Primeiros presos de consciência libertados na Argélia após perdão presidencial

·2 minuto de leitura
Um grupo de argelinos, reunido em frente à prisão de Kolea, a oeste de Argel, na Argélia, em 19 de fevereiro de 2021

A Argélia libertou mais de 30 prisioneiros de consciência nesta sexta-feira (19), um dia após o presidente Abdelmadjid Tebboune conceder seu perdão e três dias antes do segundo aniversário da popular revolta do Hirak.

Uma dezena de detidos foi libertada, segundo ativistas de direitos humanos.

“No total, 33 pessoas foram liberadas até agora. O restante está em processo”, informou a nota do Ministério da Justiça, sem especificar os nomes.

Entre os libertados está, segundo o seu advogado, o jornalista Khaled Drareni, condenado a dois anos de prisão em setembro e transformado no símbolo da luta pela liberdade de imprensa na Argélia.

Fotos e vídeos divulgados nas redes sociais mostram os libertados reencontrando seus familiares em várias regiões do país.
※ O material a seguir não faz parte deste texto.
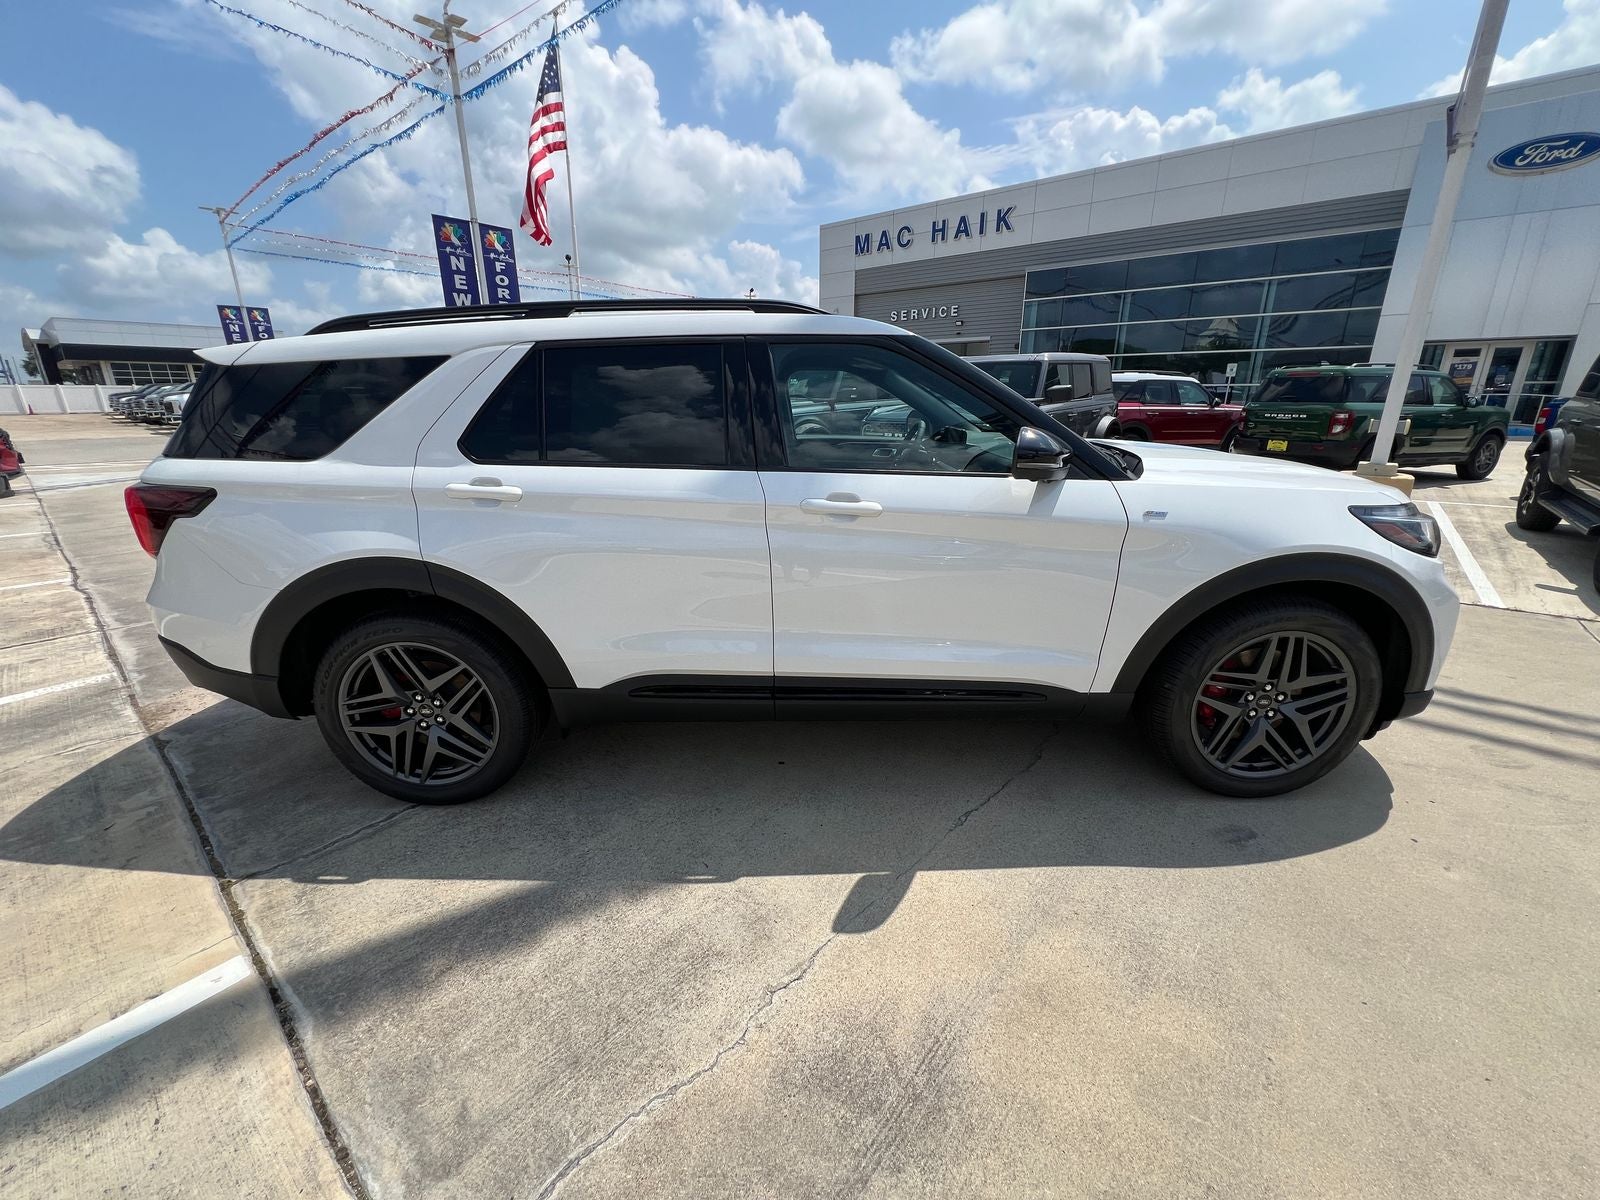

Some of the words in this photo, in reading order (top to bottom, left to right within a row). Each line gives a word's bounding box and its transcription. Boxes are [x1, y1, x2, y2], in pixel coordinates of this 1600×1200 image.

[1515, 140, 1586, 166] Ford
[854, 225, 913, 256] MAC
[931, 206, 1016, 243] HAIK
[449, 255, 472, 307] NEW
[494, 261, 512, 304] FOR
[890, 305, 959, 322] SERVICE
[228, 324, 242, 342] NE
Familiares, jornalistas e ativistas se reuniram em frente à prisão de Kolea desde o início da manhã, confirmou a AFP.

A medida atinge apenas pessoas que foram julgadas definitivamente, de modo que não ficou claro o destino de vários internos, que ainda aguardam a decisão da justiça sobre seus recursos.

"A libertação de pessoas não condenadas levanta problemas legais para o governo, a menos que ele reconheça que a justiça funcionou mal ou que sua prisão preventiva foi claramente decidida fora da lei", enfatizou o colunista Abed Charef em um fórum publicado na página Middle East Eye.
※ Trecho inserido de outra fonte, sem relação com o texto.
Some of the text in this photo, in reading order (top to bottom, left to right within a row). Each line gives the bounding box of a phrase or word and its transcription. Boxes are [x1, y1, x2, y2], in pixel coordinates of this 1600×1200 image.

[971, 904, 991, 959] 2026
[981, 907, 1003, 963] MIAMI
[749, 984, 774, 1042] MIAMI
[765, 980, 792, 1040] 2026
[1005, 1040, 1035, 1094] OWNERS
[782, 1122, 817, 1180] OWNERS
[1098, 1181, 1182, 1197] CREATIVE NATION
Na quinta-feira, Tebboune disse que "entre 55 e 60 pessoas poderão voltar para suas famílias a partir desta noite ou amanhã", mas não divulgou nomes.

Até agora, havia cerca de 70 presos em conexão com o Hirak, de acordo com o Comitê Nacional para a Libertação de Detidos (CNLD), uma associação que os apoia.

O anúncio foi feito na véspera do segundo aniversário da revolta popular sem precedentes que levou o ex-presidente Abdelaziz Bouteflika a renunciar a um quinto mandato e deixar o poder.

O movimento de protesto, suspenso desde março devido à crise de saúde, continua exigindo o desmantelamento do "sistema" político estabelecido desde a independência em 1962.

Foram convocadas para esta segunda-feira manifestações em toda a Argélia, segundo anúncios que circulavam nas redes sociais.

Além disso, Tebboune prometeu dissolver o Parlamento e convocar eleições este ano, e anunciou um reajuste ministerial.